[Task inputs]
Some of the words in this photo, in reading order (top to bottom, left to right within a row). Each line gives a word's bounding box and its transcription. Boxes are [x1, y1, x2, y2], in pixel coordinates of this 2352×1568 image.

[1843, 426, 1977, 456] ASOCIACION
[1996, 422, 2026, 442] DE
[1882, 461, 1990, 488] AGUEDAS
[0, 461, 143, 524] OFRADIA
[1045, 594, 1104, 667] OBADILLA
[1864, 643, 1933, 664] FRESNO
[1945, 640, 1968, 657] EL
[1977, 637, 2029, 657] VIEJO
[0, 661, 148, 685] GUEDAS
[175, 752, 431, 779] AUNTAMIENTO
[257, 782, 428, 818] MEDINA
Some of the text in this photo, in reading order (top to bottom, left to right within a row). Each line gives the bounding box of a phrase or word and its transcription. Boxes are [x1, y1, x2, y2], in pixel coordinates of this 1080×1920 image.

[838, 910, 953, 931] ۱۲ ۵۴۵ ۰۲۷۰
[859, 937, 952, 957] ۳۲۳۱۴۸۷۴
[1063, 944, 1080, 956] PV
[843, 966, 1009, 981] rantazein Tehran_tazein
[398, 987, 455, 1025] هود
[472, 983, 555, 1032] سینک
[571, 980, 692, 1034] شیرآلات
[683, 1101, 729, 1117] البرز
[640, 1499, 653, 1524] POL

[Task to carry out]
Each record above should be returned exactly as it appears.

[Finished exercise]
Some of the words in this photo, in reading order (top to bottom, left to right within a row). Each line gives a word's bounding box and its transcription. Boxes are [x1, y1, x2, y2], in pixel coordinates of this 2352×1568 image.

[1843, 426, 1977, 456] ASOCIACION
[1996, 422, 2026, 442] DE
[1882, 461, 1990, 488] AGUEDAS
[0, 461, 143, 524] OFRADIA
[1045, 594, 1104, 667] OBADILLA
[1864, 643, 1933, 664] FRESNO
[1945, 640, 1968, 657] EL
[1977, 637, 2029, 657] VIEJO
[0, 661, 148, 685] GUEDAS
[175, 752, 431, 779] AUNTAMIENTO
[257, 782, 428, 818] MEDINA
Some of the text in this photo, in reading order (top to bottom, left to right within a row). Each line gives the bounding box of a phrase or word and its transcription. Boxes are [x1, y1, x2, y2], in pixel coordinates of this 1080×1920 image.

[838, 910, 953, 931] ۱۲ ۵۴۵ ۰۲۷۰
[859, 937, 952, 957] ۳۲۳۱۴۸۷۴
[1063, 944, 1080, 956] PV
[843, 966, 1009, 981] rantazein Tehran_tazein
[398, 987, 455, 1025] هود
[472, 983, 555, 1032] سینک
[571, 980, 692, 1034] شیرآلات
[683, 1101, 729, 1117] البرز
[640, 1499, 653, 1524] POL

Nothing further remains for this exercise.